This verse rings a bell to my ears because when I was still single and so idealistic marriage for me and building a family was as simple as 1,2,3. I believed then that as simple as loving each other can make our world go rounds.
But children came and problems arise my wonderful merry go round world crumbled one by one into small pieces. I thought then that having a simple family of my own can take away all my loneliness that my mother left behind.
As of this moment, I still felt the loneliness sometimes especially when I had to argue with my husband with so many nonsense discussions but I still thank God for giving me a loving, responsible and not so perfect husband (kung hindi wala ng thrill).
Sometimes before I also believed that marrying someone can make my life complete but later on in my married life I have to realize that being married doesn't make me a complete human being, but the complement that me and my husband always made to each another makes us a better individual just like what in the bible said,
"As iron sharpens iron, so one man sharpens another". so we can consider our spouse as the other individuals that can sharpen us and vise versa.

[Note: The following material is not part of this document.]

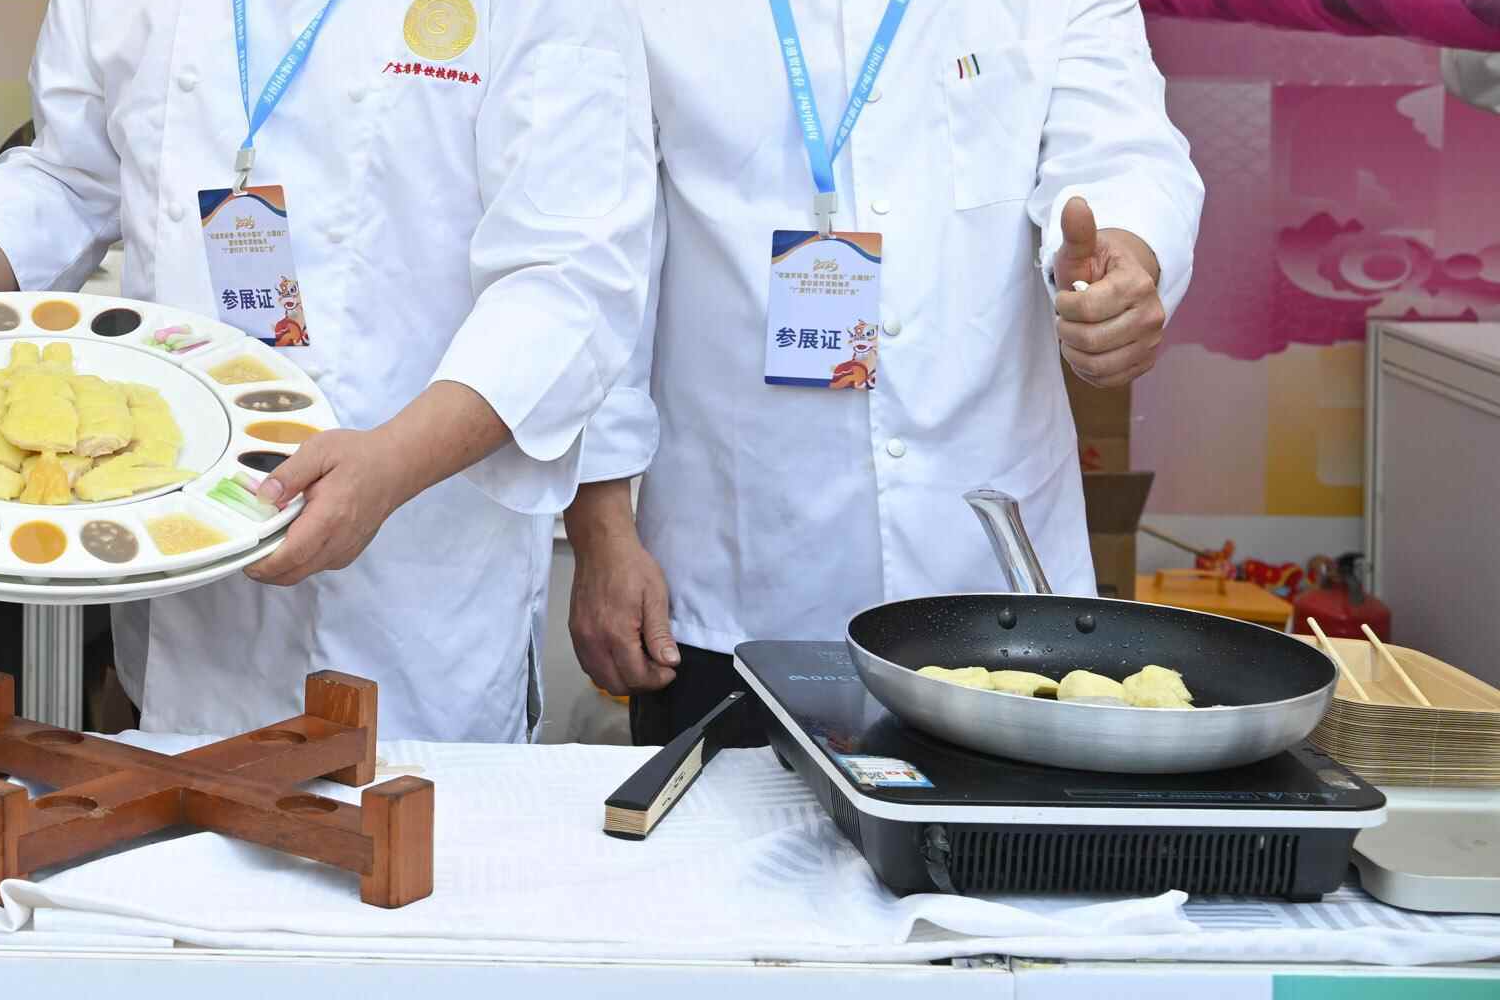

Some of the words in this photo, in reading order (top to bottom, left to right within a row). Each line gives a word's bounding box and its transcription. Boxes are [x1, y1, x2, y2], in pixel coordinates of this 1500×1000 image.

[221, 288, 275, 310] 参展证
[775, 326, 842, 350] 参展证

I am currently reading a book recently publish by Bo Sanchez though I was not able to download the entire book first the chapter only, but it's already out in the market (pero wala pang pambili hehehe). It touches my heart when I've read this, that according to Mother Theresa, "that the hunger for love is much more difficult to remove than the hunger for bread".
Mother Theresa was right, we are all longing to love and to be love. My husband and I had so many arguments in our 10 years of marriage, we had so many differences like family backgrounds, different principles, different goals, different likes.
We are two totally different individuals, but I may say that we have one thing in common that we know how to define the word love in particular. I may say that I was lucky enough to found someone like my husband that despite our differences he doesn't stop there from loving me.
And I believed that before we venture in this so called married life we are so sure that we are already two different mature individuals who talk openly about how not to hurt anybody and feel sorry for ourselves.
So if someone's trying to ruin our relationship, I believed that they must be someone who's credible enough to believe in what they are doing. Because after many trials and after reading the first chapter of Bo's book, I am now sure that as long as we love each other we can survive, as long as we have God in the middle we will always stay where we are.